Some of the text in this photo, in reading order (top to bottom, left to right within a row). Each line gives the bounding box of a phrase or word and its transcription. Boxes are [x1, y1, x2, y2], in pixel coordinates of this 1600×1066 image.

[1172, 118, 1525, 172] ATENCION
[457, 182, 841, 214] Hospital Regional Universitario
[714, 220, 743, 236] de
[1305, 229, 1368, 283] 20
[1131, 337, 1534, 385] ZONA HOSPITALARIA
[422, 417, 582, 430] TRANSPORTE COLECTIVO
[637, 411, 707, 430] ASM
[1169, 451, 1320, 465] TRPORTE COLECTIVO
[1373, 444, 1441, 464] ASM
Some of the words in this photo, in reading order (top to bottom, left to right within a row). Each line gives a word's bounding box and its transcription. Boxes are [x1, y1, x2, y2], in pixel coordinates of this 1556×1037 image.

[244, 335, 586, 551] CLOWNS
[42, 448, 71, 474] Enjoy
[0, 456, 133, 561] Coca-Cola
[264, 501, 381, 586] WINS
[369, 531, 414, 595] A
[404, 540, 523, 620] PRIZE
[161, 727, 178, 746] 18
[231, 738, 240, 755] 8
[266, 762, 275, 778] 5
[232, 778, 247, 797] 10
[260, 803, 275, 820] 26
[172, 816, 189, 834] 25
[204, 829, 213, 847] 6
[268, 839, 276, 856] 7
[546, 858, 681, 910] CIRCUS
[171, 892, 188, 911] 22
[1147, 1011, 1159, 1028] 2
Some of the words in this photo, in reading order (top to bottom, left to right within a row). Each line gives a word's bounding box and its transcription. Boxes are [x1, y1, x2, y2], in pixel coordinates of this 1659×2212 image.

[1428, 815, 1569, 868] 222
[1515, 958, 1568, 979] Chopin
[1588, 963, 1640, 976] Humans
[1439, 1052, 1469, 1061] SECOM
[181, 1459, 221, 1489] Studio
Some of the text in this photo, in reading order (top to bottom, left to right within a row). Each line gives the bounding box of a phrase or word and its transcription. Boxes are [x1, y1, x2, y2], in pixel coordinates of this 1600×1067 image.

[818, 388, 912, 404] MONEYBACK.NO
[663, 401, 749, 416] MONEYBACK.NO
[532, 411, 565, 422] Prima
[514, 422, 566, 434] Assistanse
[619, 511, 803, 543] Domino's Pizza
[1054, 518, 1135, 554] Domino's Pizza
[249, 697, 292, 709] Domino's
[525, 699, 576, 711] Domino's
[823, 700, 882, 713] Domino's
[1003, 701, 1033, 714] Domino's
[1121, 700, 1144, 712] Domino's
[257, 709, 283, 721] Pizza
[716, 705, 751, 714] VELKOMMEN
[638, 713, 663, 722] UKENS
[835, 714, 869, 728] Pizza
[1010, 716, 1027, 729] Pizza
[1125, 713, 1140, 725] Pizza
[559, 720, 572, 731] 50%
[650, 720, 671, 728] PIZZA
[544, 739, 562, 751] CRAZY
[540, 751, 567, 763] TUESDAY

****************************************

Every entry must appear in the answer, reproduced exactly.

◆ RESPONSE ◆
Some of the text in this photo, in reading order (top to bottom, left to right within a row). Each line gives the bounding box of a phrase or word and its transcription. Boxes are [x1, y1, x2, y2], in pixel coordinates of this 1600×1066 image.

[1172, 118, 1525, 172] ATENCION
[457, 182, 841, 214] Hospital Regional Universitario
[714, 220, 743, 236] de
[1305, 229, 1368, 283] 20
[1131, 337, 1534, 385] ZONA HOSPITALARIA
[422, 417, 582, 430] TRANSPORTE COLECTIVO
[637, 411, 707, 430] ASM
[1169, 451, 1320, 465] TRPORTE COLECTIVO
[1373, 444, 1441, 464] ASM
Some of the words in this photo, in reading order (top to bottom, left to right within a row). Each line gives a word's bounding box and its transcription. Boxes are [x1, y1, x2, y2], in pixel coordinates of this 1556×1037 image.

[244, 335, 586, 551] CLOWNS
[42, 448, 71, 474] Enjoy
[0, 456, 133, 561] Coca-Cola
[264, 501, 381, 586] WINS
[369, 531, 414, 595] A
[404, 540, 523, 620] PRIZE
[161, 727, 178, 746] 18
[231, 738, 240, 755] 8
[266, 762, 275, 778] 5
[232, 778, 247, 797] 10
[260, 803, 275, 820] 26
[172, 816, 189, 834] 25
[204, 829, 213, 847] 6
[268, 839, 276, 856] 7
[546, 858, 681, 910] CIRCUS
[171, 892, 188, 911] 22
[1147, 1011, 1159, 1028] 2
Some of the words in this photo, in reading order (top to bottom, left to right within a row). Each line gives a word's bounding box and its transcription. Boxes are [x1, y1, x2, y2], in pixel coordinates of this 1659×2212 image.

[1428, 815, 1569, 868] 222
[1515, 958, 1568, 979] Chopin
[1588, 963, 1640, 976] Humans
[1439, 1052, 1469, 1061] SECOM
[181, 1459, 221, 1489] Studio
Some of the text in this photo, in reading order (top to bottom, left to right within a row). Each line gives the bounding box of a phrase or word and its transcription. Boxes are [x1, y1, x2, y2], in pixel coordinates of this 1600×1067 image.

[818, 388, 912, 404] MONEYBACK.NO
[663, 401, 749, 416] MONEYBACK.NO
[532, 411, 565, 422] Prima
[514, 422, 566, 434] Assistanse
[619, 511, 803, 543] Domino's Pizza
[1054, 518, 1135, 554] Domino's Pizza
[249, 697, 292, 709] Domino's
[525, 699, 576, 711] Domino's
[823, 700, 882, 713] Domino's
[1003, 701, 1033, 714] Domino's
[1121, 700, 1144, 712] Domino's
[257, 709, 283, 721] Pizza
[716, 705, 751, 714] VELKOMMEN
[638, 713, 663, 722] UKENS
[835, 714, 869, 728] Pizza
[1010, 716, 1027, 729] Pizza
[1125, 713, 1140, 725] Pizza
[559, 720, 572, 731] 50%
[650, 720, 671, 728] PIZZA
[544, 739, 562, 751] CRAZY
[540, 751, 567, 763] TUESDAY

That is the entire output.